Her voice sounded shrill, squeaky. It sounded like she was a child again. Because she was. And so was each and every one of the people now surrounding her. They were all stupid, blind, simple infants stumbling through the world without the slightest idea of what it held. And Sphera’s glimpse behind the curtain left her wishing for the first time in her life that she’d never learn more again. Better to be an ignorant animal than subject her mind to a truth as dark as this.
Better by far.
Days passed, and King Galukar did not recover. Sphera knew the Godblade granted some measure of vitality to bolster the raw physical prowess of its wielder, King Galukar looking as youthful as he did at close to one hundred was proof of that.
Apparently, the miasma of Demon-inflicted wounds was beyond even his capacity to weather. While he remained unconscious, she was left to maintain the army’s cohesion by herself.
Her Master had done a fine job of inspiring obedience, of course. Such was the bare minimum to be expected of a Shaiagrazni Named, but it was still an uphill battle for her.

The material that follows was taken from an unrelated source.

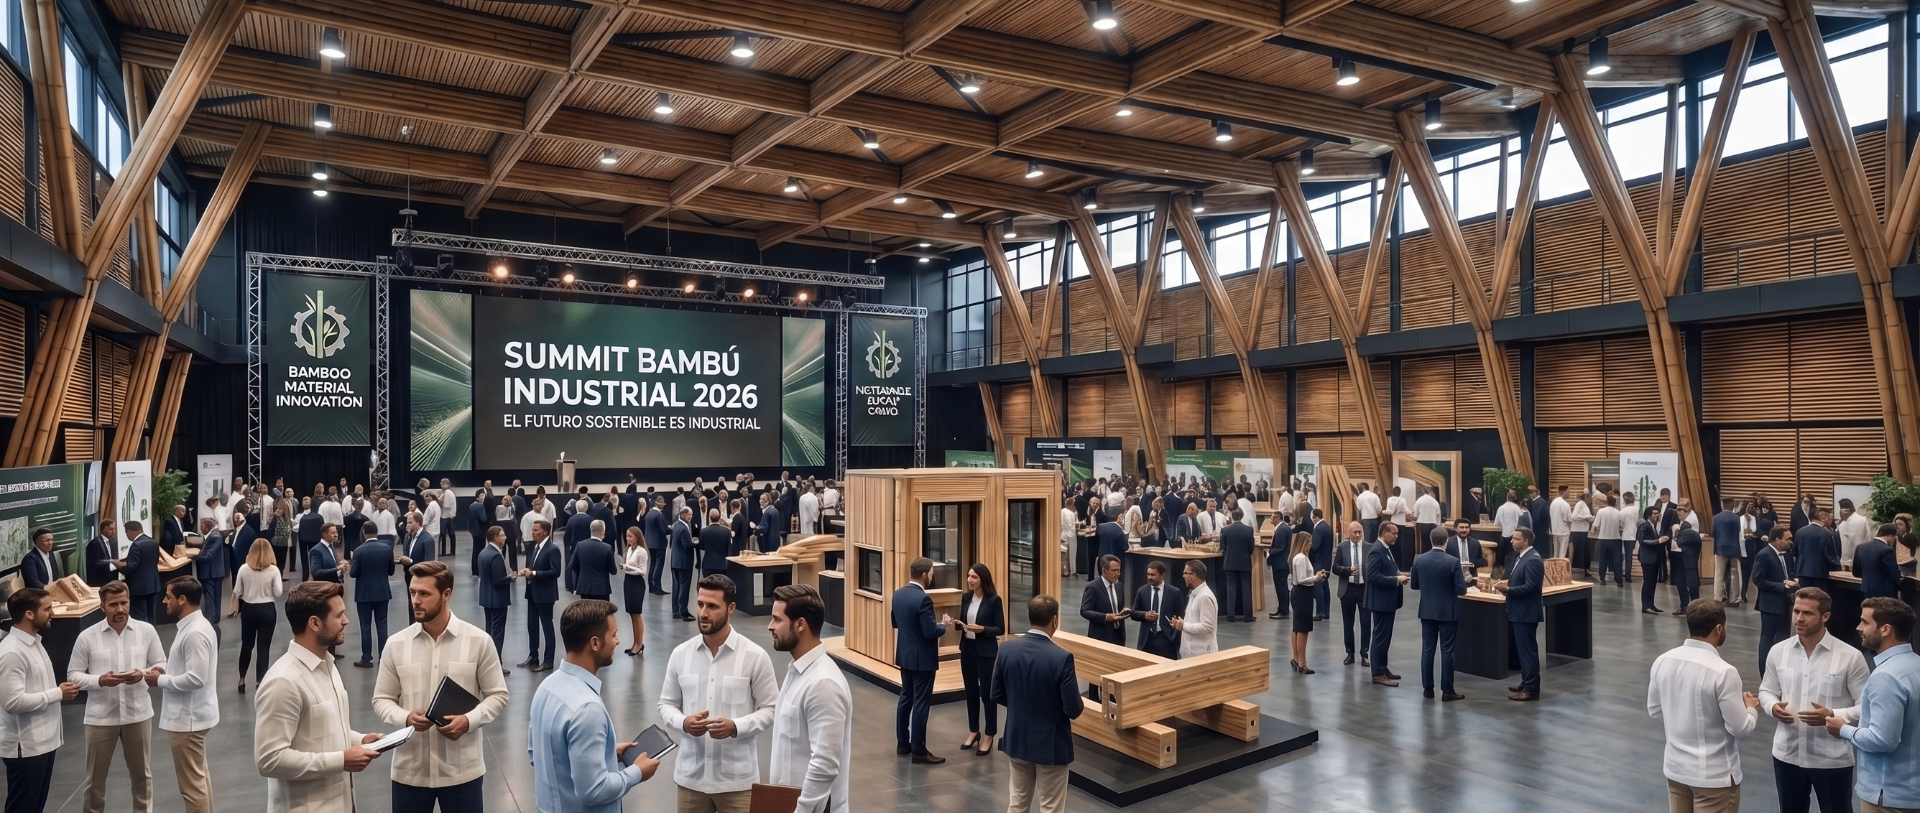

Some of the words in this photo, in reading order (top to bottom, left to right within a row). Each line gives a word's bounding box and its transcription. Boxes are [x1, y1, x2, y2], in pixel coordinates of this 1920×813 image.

Men were scared, of course. And those few hundred who’d actually seen the Demon up close were beyond scared. Sphera could empathise. When she wasn’t dealing with the metaphorical nightmares of daytime command, her nights were plagued with terrors that shook her out of sleep a dozen times before dawn. Twice she shit herself, bowels laxed like a hanged man. Not once did the shame even register.
Nothing registered anymore, except the fear.

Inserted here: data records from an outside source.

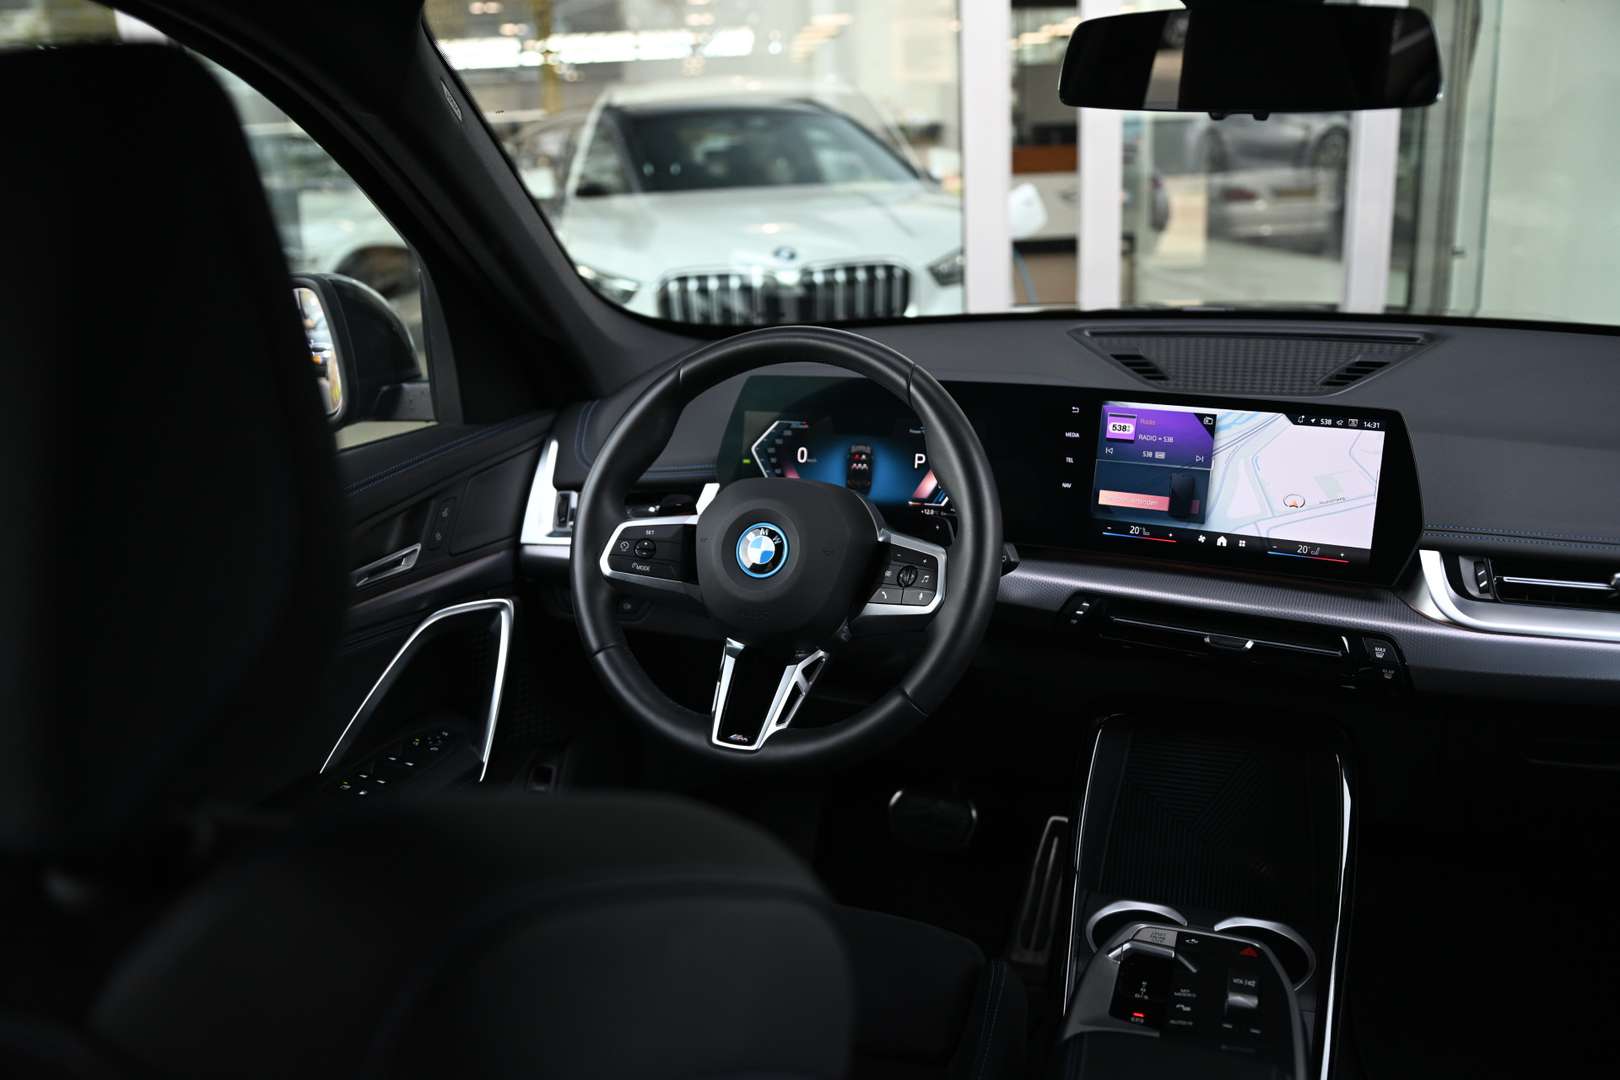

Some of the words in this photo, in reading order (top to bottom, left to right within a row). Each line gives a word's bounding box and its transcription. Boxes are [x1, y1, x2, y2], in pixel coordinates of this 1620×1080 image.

[1111, 423, 1127, 432] 538
[1363, 421, 1380, 429] 14:31
[1138, 434, 1157, 442] RADIO
[797, 446, 808, 463] 0
[914, 453, 926, 469] P

Within a week, though, she had adjusted. The horrors were still there, but Sphera had come to terms with the simple pragmatics of what they meant and begun to work around them. She would not fail Master Shaiagrazni simply because she was cowed by the sight of some cluster of magic. She would sooner die. Marching became Sphera’s newest concern, the mundane inconveniences of orchestrating a hundred thousand pairs of boots her new torment. They made progress.
Not as much as would have been possible under Galukar, however. Sphera saw it only now that the task had fallen to her, but that man had a way of moving men through sheer presence. It was the weight of The Hero, she supposed. Not something which could be matched by a Necromancer, not even her Master.
With the battle’s result, there would be no more holding against the Dark Lord. His forces had been just as awestruck by the Demon’s death as Shaiagrazni’s had by its presence, which was the sole reason Sphera was able to march from the battlefield without being swamped by cavalry. That wouldn’t last, however. And her men’s terror would.
Galukar’s infirmity already scythed away a great fraction of the army’s combat power, and that was worsened by far as the harassing attacks finally began in earnest. Cavalry, yes, as Sphera had expected. But Demons, too. More of them.
Not a one was half the equal of the entity which had first attacked, but all bore a whisper of its power. Giant things with too many faces, or no faces at all. Formless and dynamic, esoteric and unstoppable. They came at night, mostly, and the Kaltans were well accustomed to that. But it made little difference. Their arrows punched through bodies of liquid, casters’ fireballs sizzling out against the weight of magic infusing their enemies. Lives were lost, ground given, morale destroyed.
Day by day they marched, bleeding out more men with every new attack, and Sphera took to spending much of her time beside the bed of King Galukar. He didn’t awaken, and his wounds began to smell of that sickly sweet death-scent that betrayed a rotting body.
She almost expected their army to match that scent, too.